Buonuscita da 6 milioni di euro per l’ad uscente di Telecom Italia, Marco Patuano. Le deleghe conferite temporaneamente al presidente Giuseppe Recchi

Telecom Italia e Marco Patuano hanno raggiunto “un accordo per la cessazione del rapporto di lavoro e di amministrazione” con effetto da oggi. Lo rende noto l’operatore tlc in un comunicato.

L’accordo prevede, “oltre all’erogazione di quanto già maturato a titolo di retribuzione ed emolumenti, fissi e variabili (questi ultimi soggetti a meccanismi di claw back), il riconoscimento degli ulteriori importi di 1.235.000 euro lordi a fronte della cessazione del rapporto di amministrazione e 4.765.000 euro lordi a fronte della cessazione del rapporto di lavoro per 6.000.000 euro lordi complessivi”.

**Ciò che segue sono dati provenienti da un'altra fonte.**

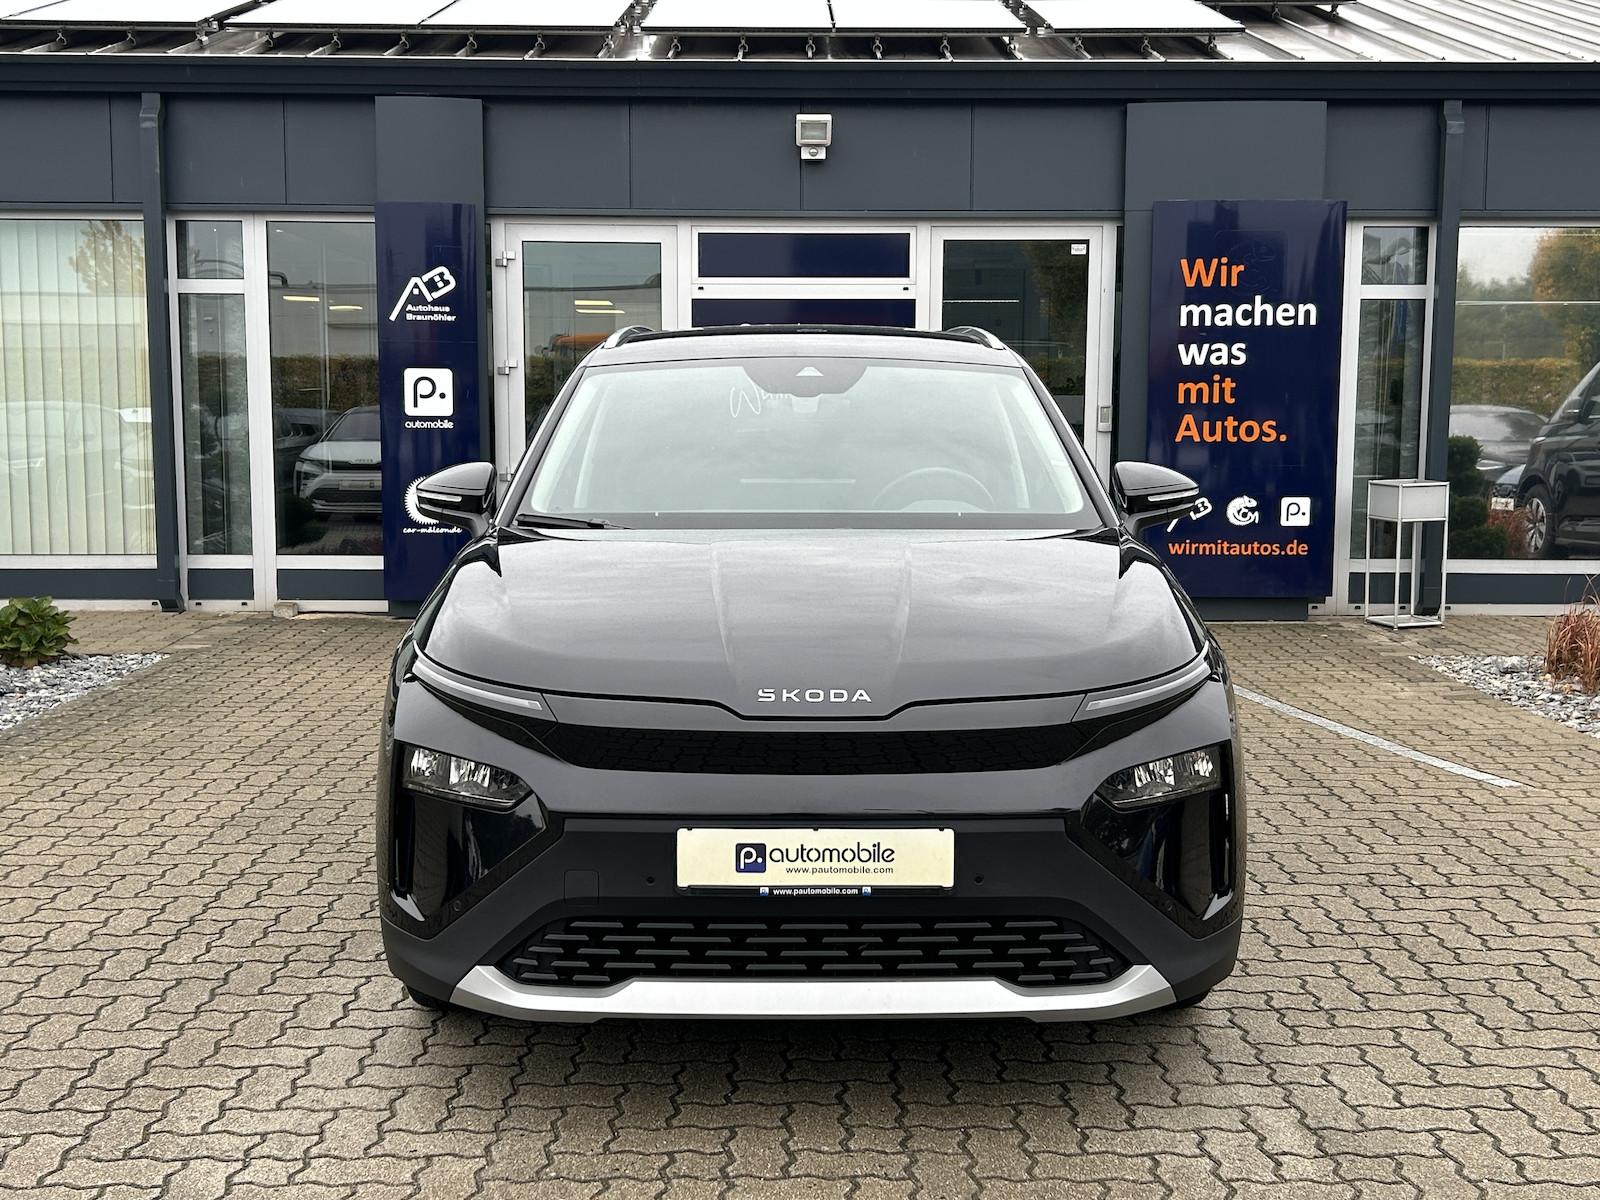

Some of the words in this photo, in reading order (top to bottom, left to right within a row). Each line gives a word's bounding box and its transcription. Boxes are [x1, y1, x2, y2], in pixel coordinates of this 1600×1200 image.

Marco Patuano (foto Olycom)

Tale attribuzione “è coerente con la politica di remunerazione e con gli accordi in essere con Marco Patuano”, precisa Telecom. ”Prima dell’approvazione da parte del Cda l’operazione è stata comunque esaminata dal Comitato per le Nomine e la Remunerazione, organo competente ai sensi della ‘Procedura per l’effettuazione di operazioni con parti correlate’ di cui si è dotato il gruppo, esprimendo il proprio motivato parere favorevole alla conclusione dell’accordo”.

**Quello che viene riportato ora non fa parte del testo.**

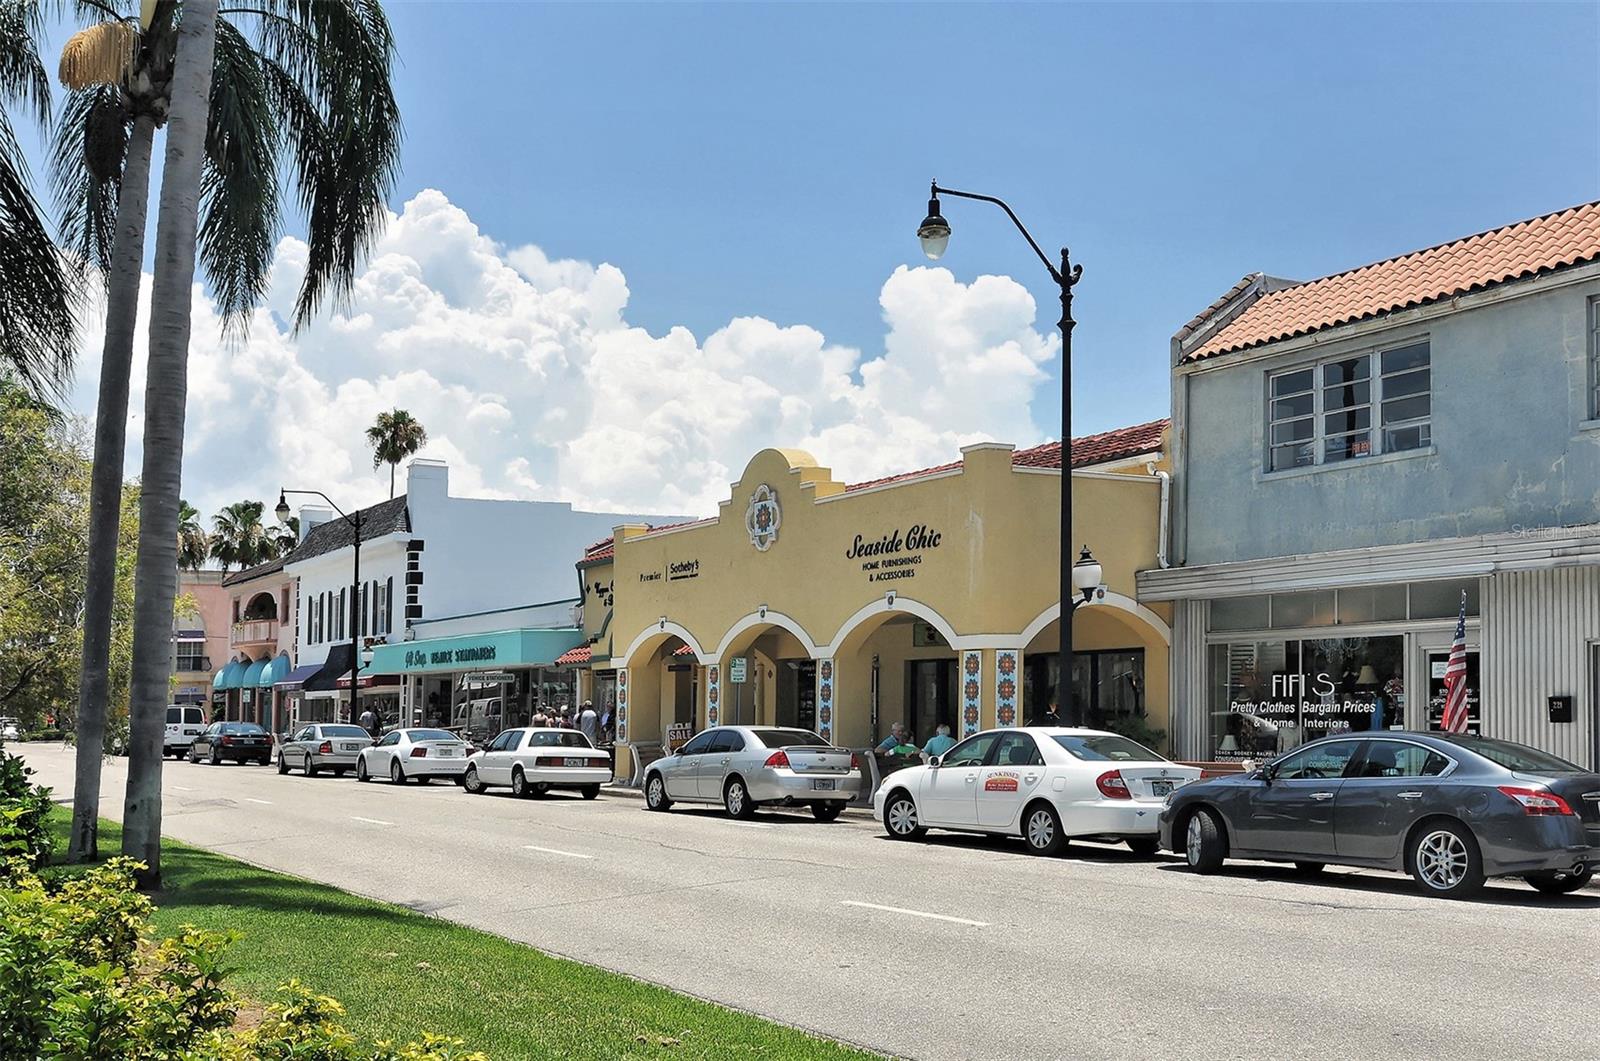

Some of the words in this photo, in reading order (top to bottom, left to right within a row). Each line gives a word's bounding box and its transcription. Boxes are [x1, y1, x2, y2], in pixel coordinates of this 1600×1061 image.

[846, 529, 902, 559] Seaside
[905, 525, 942, 550] Chic
[639, 572, 661, 582] Premier
[670, 559, 699, 574] Sotheby's
[862, 561, 879, 571] HOME
[881, 555, 922, 568] FURNISHINGS
[869, 574, 874, 582] &
[875, 569, 915, 581] ACCESSORIES
[1272, 672, 1335, 697] FIFI'S
[1230, 701, 1257, 715] Pretty
[1259, 701, 1296, 713] Clothes
[1302, 701, 1341, 715] Bargain
[1343, 700, 1376, 713] Prices
[1253, 719, 1261, 728] &
[1265, 718, 1294, 728] Home
[1304, 718, 1350, 728] Interiors
[669, 729, 692, 740] SALE

Il Cda, prosegue il comunicato di Telecom Italia, “ringrazia il Dottor Patuano per l’impegno, la dedizione ed il contributo in termini di creazione di valore resi durante il suo mandato alla guida del gruppo e più in generale negli oltre venticinque anni di proficua attività a beneficio dello stesso, formulandogli i migliori auguri per le sue future attività professionali”.

Contestualmente e “coerentemente con il piano di successione a suo tempo adottato”, il Cda di Telecom Italia ha “temporaneamente conferito le deleghe dell’Amministratore Delegato al Presidente Esecutivo Giuseppe Recchi, che con il supporto del management guiderà il Gruppo fino alla nomina del nuovo Amministratore Delegato”.

Giuseppe Recchi (foto Olycom)

Giuseppe Recchi, presidente di Telecom Italia (foto Olycom)

Intanto Wind ha precisato, “in relazione alle recenti indiscrezioni sul nuovo ceo di Telecom Italia, che il suo amministratore delegato, Maximo Ibarra, è interessato esclusivamente alla realizzazione del nuovo merger tra Wind e 3Italia”.